◆ EXERCISE
No pictures belong in the copy. Restate the rest of the data exactly.

(Records from a data source)
********************

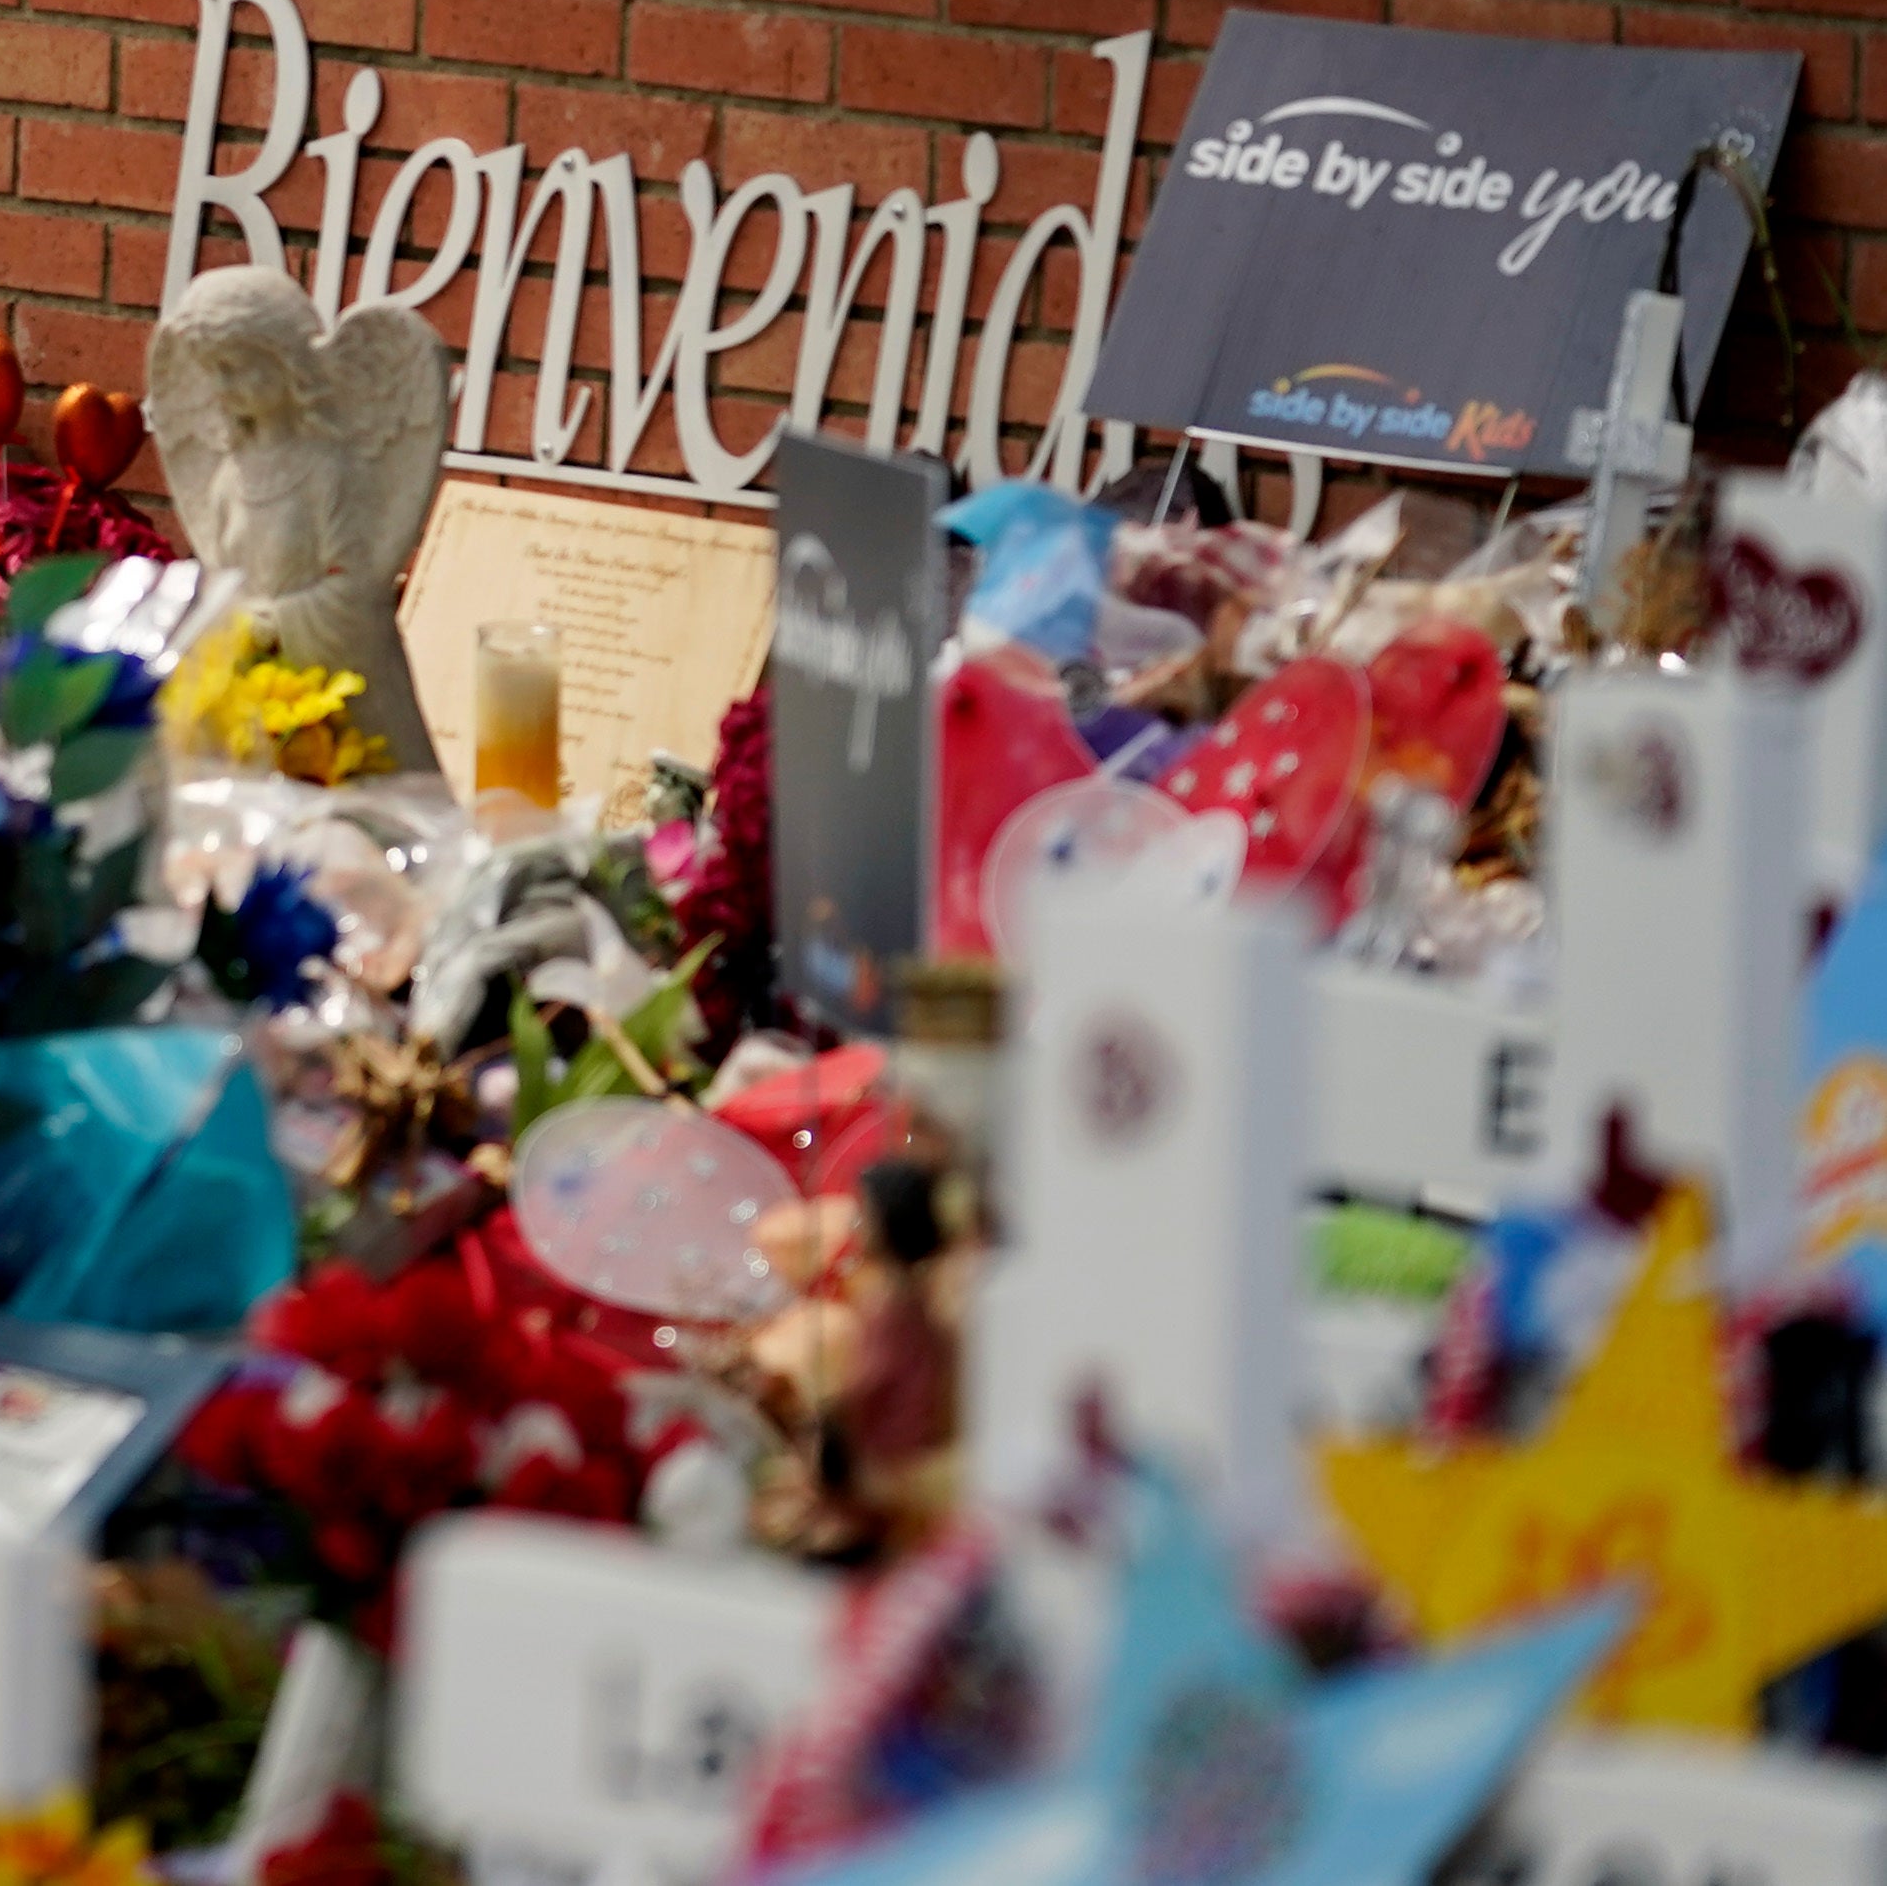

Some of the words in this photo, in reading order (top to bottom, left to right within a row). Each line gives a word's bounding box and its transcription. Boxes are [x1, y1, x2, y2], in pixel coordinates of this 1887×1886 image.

[1185, 118, 1311, 190] side
[1312, 140, 1392, 210] by
[1392, 130, 1515, 213] side
[1497, 159, 1680, 277] you
[1247, 376, 1325, 424] side
[1325, 390, 1381, 440] by
[1379, 387, 1455, 443] side
[1445, 398, 1539, 462] Kids

********************

◆ WRITTEN SOLUTION
Some of the words in this photo, in reading order (top to bottom, left to right within a row). Each line gives a word's bounding box and its transcription. Boxes are [x1, y1, x2, y2], in pixel coordinates of this 1887×1886 image.

[1185, 118, 1311, 190] side
[1312, 140, 1392, 210] by
[1392, 130, 1515, 213] side
[1497, 159, 1680, 277] you
[1247, 376, 1325, 424] side
[1325, 390, 1381, 440] by
[1379, 387, 1455, 443] side
[1445, 398, 1539, 462] Kids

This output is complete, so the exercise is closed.